■ To do:
Your task is to repeat the entries below exactly and to leave their images out.

··········

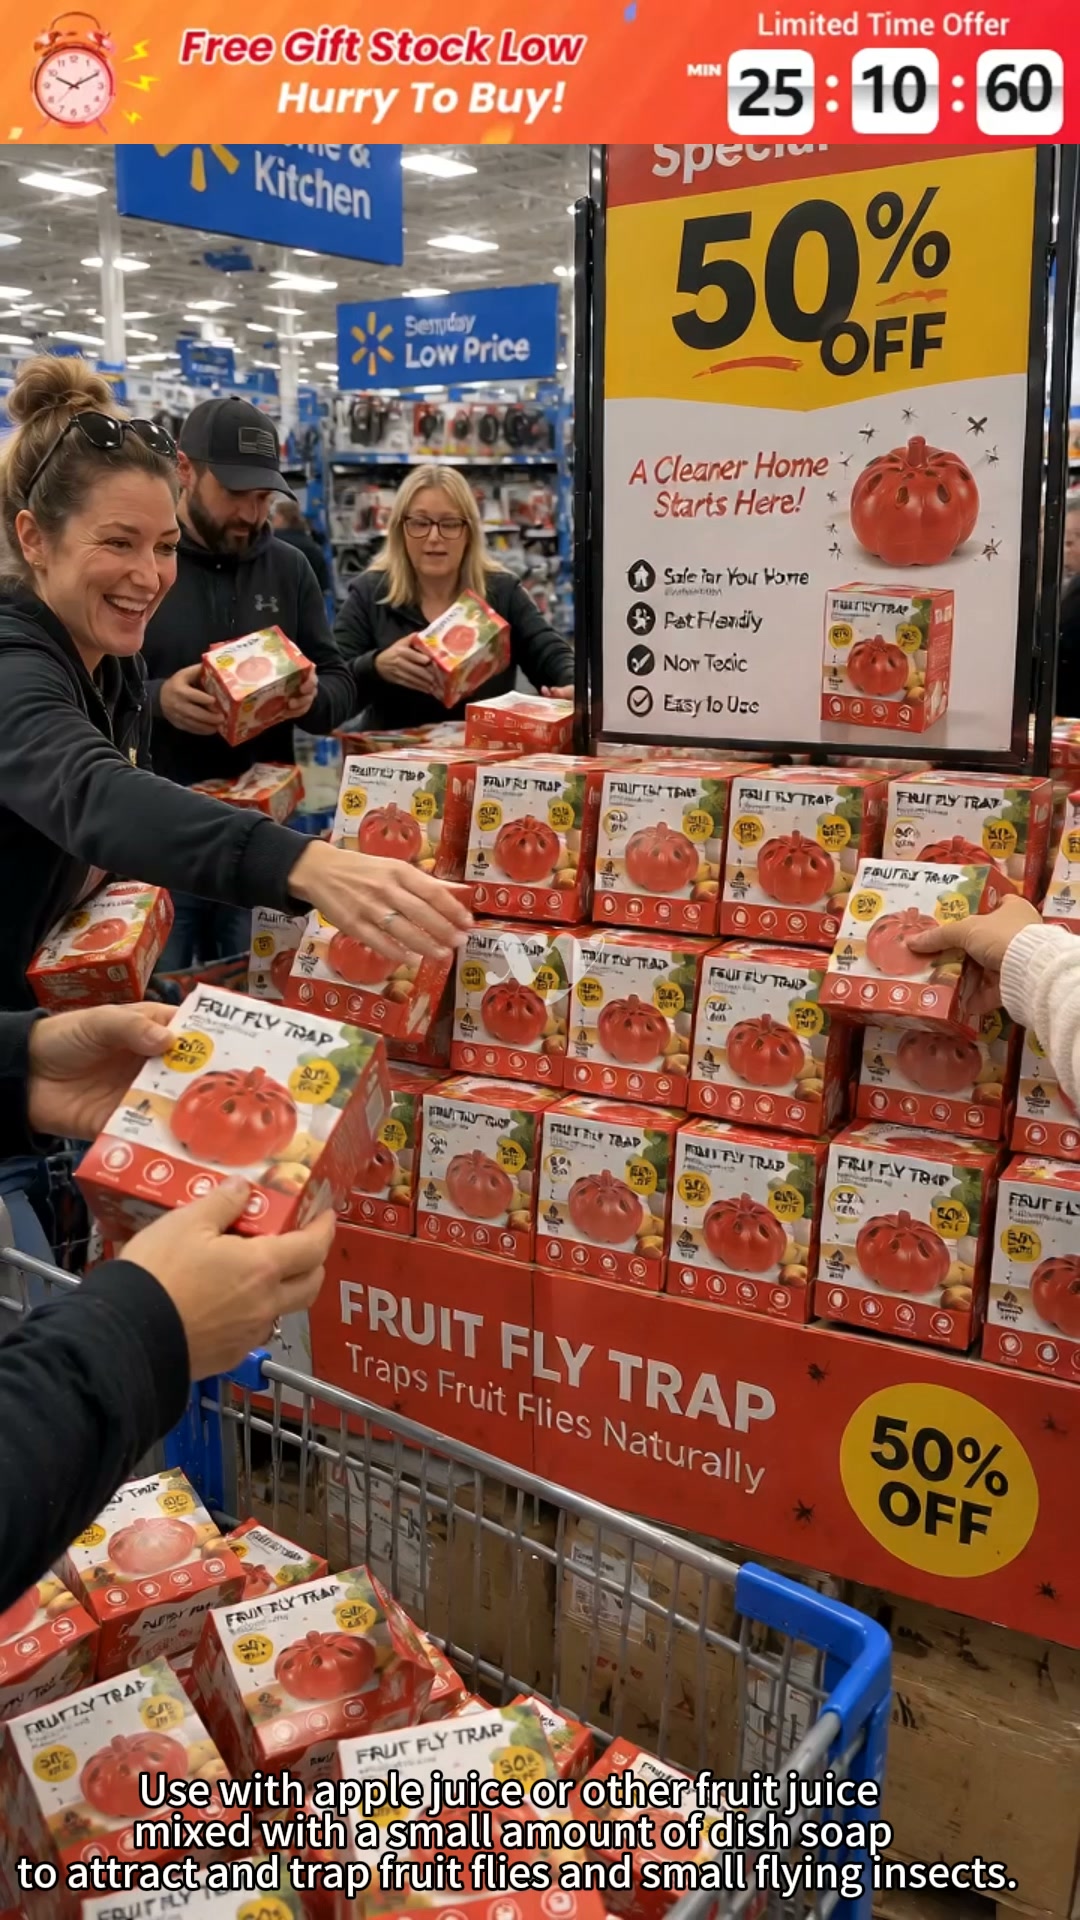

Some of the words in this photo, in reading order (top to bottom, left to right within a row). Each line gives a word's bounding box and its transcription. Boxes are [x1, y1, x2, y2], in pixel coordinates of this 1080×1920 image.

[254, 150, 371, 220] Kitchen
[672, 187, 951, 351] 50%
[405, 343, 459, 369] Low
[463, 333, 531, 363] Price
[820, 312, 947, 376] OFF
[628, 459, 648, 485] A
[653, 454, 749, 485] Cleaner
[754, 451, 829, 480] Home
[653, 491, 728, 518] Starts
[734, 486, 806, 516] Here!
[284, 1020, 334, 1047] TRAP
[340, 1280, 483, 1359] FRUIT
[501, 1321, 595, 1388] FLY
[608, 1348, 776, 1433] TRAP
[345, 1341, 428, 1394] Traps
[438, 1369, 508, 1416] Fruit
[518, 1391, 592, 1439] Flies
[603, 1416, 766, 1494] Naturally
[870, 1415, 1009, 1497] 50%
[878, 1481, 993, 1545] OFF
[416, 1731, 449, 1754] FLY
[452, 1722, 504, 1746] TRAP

··········

■ Exercise result:
Some of the words in this photo, in reading order (top to bottom, left to right within a row). Each line gives a word's bounding box and its transcription. Boxes are [x1, y1, x2, y2], in pixel coordinates of this 1080×1920 image.

[254, 150, 371, 220] Kitchen
[672, 187, 951, 351] 50%
[405, 343, 459, 369] Low
[463, 333, 531, 363] Price
[820, 312, 947, 376] OFF
[628, 459, 648, 485] A
[653, 454, 749, 485] Cleaner
[754, 451, 829, 480] Home
[653, 491, 728, 518] Starts
[734, 486, 806, 516] Here!
[284, 1020, 334, 1047] TRAP
[340, 1280, 483, 1359] FRUIT
[501, 1321, 595, 1388] FLY
[608, 1348, 776, 1433] TRAP
[345, 1341, 428, 1394] Traps
[438, 1369, 508, 1416] Fruit
[518, 1391, 592, 1439] Flies
[603, 1416, 766, 1494] Naturally
[870, 1415, 1009, 1497] 50%
[878, 1481, 993, 1545] OFF
[416, 1731, 449, 1754] FLY
[452, 1722, 504, 1746] TRAP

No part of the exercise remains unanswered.